▶ **SUPPLIED DATA**:
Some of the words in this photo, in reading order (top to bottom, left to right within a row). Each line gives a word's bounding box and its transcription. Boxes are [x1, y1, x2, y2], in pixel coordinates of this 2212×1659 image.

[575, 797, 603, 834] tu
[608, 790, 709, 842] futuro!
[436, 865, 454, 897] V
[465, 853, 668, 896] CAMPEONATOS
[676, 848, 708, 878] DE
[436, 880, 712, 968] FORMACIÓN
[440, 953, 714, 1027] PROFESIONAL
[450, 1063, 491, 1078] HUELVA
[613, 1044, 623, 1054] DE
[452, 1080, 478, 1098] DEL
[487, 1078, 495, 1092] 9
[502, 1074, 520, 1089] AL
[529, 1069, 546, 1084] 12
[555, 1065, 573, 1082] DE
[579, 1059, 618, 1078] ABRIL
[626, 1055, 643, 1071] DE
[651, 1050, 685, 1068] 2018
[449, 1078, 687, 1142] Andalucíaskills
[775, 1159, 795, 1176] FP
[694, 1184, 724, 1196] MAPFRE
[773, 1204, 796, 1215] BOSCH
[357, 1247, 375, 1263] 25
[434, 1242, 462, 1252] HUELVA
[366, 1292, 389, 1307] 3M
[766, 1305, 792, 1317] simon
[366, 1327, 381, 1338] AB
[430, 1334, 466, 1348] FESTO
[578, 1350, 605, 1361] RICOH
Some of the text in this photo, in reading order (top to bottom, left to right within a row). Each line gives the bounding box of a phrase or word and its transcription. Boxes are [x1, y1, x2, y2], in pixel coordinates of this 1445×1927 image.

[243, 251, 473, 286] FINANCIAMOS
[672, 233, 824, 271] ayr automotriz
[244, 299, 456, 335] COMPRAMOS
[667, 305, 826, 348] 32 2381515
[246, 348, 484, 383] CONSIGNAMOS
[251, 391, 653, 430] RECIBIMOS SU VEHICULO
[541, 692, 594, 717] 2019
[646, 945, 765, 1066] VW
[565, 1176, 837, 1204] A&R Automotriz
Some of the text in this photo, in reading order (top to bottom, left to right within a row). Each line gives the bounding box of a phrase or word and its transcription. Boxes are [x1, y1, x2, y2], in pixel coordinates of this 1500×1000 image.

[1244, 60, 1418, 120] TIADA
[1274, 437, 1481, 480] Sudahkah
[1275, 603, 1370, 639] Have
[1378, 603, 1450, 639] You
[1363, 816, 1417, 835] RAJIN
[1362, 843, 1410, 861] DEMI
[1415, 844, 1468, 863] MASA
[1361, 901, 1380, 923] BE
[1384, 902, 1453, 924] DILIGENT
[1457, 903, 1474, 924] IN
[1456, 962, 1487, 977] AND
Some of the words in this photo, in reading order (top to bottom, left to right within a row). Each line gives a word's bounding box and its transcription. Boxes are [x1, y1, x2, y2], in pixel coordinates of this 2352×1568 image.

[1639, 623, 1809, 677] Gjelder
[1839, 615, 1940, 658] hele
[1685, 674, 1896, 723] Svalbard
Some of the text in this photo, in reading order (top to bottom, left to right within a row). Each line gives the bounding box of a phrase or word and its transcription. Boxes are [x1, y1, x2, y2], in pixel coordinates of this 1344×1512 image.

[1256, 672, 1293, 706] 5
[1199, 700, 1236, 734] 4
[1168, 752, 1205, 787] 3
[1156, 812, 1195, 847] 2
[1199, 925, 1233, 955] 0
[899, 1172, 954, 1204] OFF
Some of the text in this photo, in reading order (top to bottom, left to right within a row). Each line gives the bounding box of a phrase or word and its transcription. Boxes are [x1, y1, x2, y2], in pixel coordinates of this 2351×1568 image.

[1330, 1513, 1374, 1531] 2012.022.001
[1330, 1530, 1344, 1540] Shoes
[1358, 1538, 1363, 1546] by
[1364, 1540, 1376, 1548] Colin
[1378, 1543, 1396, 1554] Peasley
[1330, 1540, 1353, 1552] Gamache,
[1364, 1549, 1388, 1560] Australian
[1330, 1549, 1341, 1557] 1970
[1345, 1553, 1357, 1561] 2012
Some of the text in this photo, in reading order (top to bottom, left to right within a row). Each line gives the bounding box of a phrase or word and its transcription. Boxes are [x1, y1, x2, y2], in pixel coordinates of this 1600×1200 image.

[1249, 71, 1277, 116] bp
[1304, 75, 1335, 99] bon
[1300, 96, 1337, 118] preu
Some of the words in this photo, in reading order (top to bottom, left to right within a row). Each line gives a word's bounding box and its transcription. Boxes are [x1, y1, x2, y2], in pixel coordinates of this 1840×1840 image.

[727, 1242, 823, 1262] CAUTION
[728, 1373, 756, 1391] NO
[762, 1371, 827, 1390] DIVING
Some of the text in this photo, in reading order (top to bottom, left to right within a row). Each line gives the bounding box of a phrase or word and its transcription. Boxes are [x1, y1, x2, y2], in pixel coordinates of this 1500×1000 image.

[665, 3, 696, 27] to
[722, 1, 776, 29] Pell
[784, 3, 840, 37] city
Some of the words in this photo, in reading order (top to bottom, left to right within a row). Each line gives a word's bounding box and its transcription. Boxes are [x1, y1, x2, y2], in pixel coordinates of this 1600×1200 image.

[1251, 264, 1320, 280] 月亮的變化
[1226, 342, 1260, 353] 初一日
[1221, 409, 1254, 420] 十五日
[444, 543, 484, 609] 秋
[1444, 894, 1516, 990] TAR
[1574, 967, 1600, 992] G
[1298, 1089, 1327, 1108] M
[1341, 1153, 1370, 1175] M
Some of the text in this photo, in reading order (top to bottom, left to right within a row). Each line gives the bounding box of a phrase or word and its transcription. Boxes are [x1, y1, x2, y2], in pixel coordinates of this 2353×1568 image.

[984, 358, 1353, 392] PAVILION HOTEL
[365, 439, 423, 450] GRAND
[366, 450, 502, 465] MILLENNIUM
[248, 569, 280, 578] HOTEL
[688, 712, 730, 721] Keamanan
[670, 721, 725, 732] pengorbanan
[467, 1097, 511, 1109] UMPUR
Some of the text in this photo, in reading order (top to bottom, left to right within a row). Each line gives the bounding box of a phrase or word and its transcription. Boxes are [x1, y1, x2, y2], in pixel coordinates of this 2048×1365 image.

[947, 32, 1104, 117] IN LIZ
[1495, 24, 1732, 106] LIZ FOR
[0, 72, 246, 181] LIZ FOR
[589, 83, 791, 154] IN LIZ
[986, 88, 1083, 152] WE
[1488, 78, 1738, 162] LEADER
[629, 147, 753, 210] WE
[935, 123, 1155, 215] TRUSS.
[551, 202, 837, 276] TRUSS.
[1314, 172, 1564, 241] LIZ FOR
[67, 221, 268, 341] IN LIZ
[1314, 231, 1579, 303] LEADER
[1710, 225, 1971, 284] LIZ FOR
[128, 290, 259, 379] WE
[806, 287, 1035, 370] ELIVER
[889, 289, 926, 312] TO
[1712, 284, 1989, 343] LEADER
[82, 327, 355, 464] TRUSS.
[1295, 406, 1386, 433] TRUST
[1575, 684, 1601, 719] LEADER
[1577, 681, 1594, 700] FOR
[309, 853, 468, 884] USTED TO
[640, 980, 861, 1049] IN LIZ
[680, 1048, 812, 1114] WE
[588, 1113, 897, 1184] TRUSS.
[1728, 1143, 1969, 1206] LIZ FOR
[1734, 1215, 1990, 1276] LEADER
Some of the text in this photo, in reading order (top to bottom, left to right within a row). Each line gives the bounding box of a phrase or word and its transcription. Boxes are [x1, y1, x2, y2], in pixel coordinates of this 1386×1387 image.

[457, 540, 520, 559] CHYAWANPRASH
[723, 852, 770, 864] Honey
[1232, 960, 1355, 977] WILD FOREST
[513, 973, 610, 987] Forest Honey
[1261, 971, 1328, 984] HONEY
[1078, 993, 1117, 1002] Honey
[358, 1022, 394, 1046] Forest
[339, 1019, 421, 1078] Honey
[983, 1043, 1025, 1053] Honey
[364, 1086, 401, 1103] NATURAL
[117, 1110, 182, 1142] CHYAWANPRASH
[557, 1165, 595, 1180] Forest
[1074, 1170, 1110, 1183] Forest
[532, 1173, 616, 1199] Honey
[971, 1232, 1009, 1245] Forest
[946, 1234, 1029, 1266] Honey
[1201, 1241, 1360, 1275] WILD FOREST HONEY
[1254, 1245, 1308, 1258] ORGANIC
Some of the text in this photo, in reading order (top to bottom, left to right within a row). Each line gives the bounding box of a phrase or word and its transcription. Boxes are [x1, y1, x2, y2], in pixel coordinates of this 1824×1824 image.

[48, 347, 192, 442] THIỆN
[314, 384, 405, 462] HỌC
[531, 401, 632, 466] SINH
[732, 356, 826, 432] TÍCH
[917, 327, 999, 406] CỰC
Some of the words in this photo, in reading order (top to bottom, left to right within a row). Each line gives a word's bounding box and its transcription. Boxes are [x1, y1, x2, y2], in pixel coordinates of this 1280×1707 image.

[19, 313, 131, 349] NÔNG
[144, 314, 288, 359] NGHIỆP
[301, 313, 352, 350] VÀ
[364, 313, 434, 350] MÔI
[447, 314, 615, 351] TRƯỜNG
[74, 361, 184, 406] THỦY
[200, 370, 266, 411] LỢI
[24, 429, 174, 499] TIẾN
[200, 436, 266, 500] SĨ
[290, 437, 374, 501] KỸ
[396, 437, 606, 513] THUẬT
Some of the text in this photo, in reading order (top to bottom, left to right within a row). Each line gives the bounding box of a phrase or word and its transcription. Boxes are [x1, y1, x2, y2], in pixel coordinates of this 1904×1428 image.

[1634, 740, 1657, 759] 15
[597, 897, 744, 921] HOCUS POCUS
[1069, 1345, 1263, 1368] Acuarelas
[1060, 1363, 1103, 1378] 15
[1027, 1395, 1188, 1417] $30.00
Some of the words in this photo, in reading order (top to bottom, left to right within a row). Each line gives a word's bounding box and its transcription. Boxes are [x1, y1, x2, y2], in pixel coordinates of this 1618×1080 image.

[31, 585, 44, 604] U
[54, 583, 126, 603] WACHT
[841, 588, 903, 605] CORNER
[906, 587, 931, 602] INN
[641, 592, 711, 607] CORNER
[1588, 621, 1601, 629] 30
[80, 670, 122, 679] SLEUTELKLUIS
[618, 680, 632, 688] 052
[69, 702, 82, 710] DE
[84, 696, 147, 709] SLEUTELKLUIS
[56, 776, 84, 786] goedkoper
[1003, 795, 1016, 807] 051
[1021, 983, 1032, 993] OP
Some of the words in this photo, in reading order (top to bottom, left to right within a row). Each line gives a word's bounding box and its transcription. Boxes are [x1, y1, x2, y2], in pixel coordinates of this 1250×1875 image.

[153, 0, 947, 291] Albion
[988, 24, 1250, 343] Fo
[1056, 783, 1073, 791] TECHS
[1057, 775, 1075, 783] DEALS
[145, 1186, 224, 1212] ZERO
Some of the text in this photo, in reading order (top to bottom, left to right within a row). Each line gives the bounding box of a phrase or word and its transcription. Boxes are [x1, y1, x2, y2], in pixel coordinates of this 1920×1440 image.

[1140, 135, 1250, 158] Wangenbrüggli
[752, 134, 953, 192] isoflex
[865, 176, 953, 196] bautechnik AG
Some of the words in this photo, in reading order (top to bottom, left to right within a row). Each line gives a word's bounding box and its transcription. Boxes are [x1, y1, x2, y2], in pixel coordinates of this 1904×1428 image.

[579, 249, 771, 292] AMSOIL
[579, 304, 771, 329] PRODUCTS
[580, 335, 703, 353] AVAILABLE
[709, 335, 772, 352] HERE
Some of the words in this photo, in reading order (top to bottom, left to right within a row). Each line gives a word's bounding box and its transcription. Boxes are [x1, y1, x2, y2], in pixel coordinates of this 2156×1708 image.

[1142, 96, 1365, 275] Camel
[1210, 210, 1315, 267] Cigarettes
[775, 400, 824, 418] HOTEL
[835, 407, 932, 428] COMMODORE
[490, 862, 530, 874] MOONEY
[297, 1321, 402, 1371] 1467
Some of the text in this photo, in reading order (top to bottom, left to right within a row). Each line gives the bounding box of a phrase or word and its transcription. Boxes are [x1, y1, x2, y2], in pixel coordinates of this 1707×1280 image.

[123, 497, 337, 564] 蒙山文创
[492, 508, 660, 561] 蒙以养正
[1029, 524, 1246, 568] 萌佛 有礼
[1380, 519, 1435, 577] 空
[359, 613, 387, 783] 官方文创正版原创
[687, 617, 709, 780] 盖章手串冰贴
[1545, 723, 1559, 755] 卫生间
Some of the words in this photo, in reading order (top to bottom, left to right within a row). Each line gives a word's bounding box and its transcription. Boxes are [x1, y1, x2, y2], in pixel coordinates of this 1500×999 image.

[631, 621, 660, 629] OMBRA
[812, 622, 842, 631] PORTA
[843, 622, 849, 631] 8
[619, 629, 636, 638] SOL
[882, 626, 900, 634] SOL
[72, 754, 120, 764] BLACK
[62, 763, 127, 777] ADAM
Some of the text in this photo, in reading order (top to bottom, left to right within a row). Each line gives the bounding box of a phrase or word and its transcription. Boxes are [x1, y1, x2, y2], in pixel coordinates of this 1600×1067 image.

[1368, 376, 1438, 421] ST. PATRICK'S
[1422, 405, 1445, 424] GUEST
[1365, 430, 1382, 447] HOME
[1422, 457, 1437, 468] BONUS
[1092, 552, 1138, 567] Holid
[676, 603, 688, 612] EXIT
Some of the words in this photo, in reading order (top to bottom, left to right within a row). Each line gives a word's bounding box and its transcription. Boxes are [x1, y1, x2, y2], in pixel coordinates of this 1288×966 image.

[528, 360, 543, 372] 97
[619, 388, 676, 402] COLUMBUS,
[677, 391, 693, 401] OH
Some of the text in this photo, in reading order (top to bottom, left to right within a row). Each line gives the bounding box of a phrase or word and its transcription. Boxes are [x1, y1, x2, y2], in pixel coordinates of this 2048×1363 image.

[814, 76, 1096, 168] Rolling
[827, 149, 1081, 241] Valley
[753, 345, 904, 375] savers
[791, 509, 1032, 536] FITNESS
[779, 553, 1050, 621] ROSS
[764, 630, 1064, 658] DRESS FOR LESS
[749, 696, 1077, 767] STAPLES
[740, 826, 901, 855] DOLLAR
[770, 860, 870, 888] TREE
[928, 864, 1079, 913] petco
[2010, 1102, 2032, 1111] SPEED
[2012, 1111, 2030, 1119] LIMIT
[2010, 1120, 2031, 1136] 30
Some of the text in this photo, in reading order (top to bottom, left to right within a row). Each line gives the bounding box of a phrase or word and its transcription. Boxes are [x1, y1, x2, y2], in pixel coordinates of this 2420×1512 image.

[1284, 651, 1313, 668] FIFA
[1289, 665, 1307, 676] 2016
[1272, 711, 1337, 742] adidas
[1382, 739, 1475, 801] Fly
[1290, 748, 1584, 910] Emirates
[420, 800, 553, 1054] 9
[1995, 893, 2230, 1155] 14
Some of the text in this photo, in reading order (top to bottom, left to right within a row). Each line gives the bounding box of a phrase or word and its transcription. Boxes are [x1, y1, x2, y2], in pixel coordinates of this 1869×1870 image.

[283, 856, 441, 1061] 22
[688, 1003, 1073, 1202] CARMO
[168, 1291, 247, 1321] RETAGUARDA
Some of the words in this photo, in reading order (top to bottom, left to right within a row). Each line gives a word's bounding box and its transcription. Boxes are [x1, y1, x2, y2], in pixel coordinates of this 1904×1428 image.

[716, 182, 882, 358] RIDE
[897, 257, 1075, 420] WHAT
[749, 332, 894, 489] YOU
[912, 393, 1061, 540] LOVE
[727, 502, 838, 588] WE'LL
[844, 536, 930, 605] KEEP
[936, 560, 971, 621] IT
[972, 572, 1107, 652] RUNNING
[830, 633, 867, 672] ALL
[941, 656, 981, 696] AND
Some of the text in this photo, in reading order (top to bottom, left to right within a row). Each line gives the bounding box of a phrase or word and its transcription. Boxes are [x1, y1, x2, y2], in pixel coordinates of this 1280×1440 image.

▶ **WORK TASK**:
Output only the lines from the line that contains "this 2420×1512 image." through the end of the entries, both included, exactly as they appear.

▶ **RESPONSE TO THIS TASK**:
Some of the text in this photo, in reading order (top to bottom, left to right within a row). Each line gives the bounding box of a phrase or word and its transcription. Boxes are [x1, y1, x2, y2], in pixel coordinates of this 2420×1512 image.

[1284, 651, 1313, 668] FIFA
[1289, 665, 1307, 676] 2016
[1272, 711, 1337, 742] adidas
[1382, 739, 1475, 801] Fly
[1290, 748, 1584, 910] Emirates
[420, 800, 553, 1054] 9
[1995, 893, 2230, 1155] 14
Some of the text in this photo, in reading order (top to bottom, left to right within a row). Each line gives the bounding box of a phrase or word and its transcription. Boxes are [x1, y1, x2, y2], in pixel coordinates of this 1869×1870 image.

[283, 856, 441, 1061] 22
[688, 1003, 1073, 1202] CARMO
[168, 1291, 247, 1321] RETAGUARDA
Some of the words in this photo, in reading order (top to bottom, left to right within a row). Each line gives a word's bounding box and its transcription. Boxes are [x1, y1, x2, y2], in pixel coordinates of this 1904×1428 image.

[716, 182, 882, 358] RIDE
[897, 257, 1075, 420] WHAT
[749, 332, 894, 489] YOU
[912, 393, 1061, 540] LOVE
[727, 502, 838, 588] WE'LL
[844, 536, 930, 605] KEEP
[936, 560, 971, 621] IT
[972, 572, 1107, 652] RUNNING
[830, 633, 867, 672] ALL
[941, 656, 981, 696] AND
Some of the text in this photo, in reading order (top to bottom, left to right within a row). Each line gives the bounding box of a phrase or word and its transcription. Boxes are [x1, y1, x2, y2], in pixel coordinates of this 1280×1440 image.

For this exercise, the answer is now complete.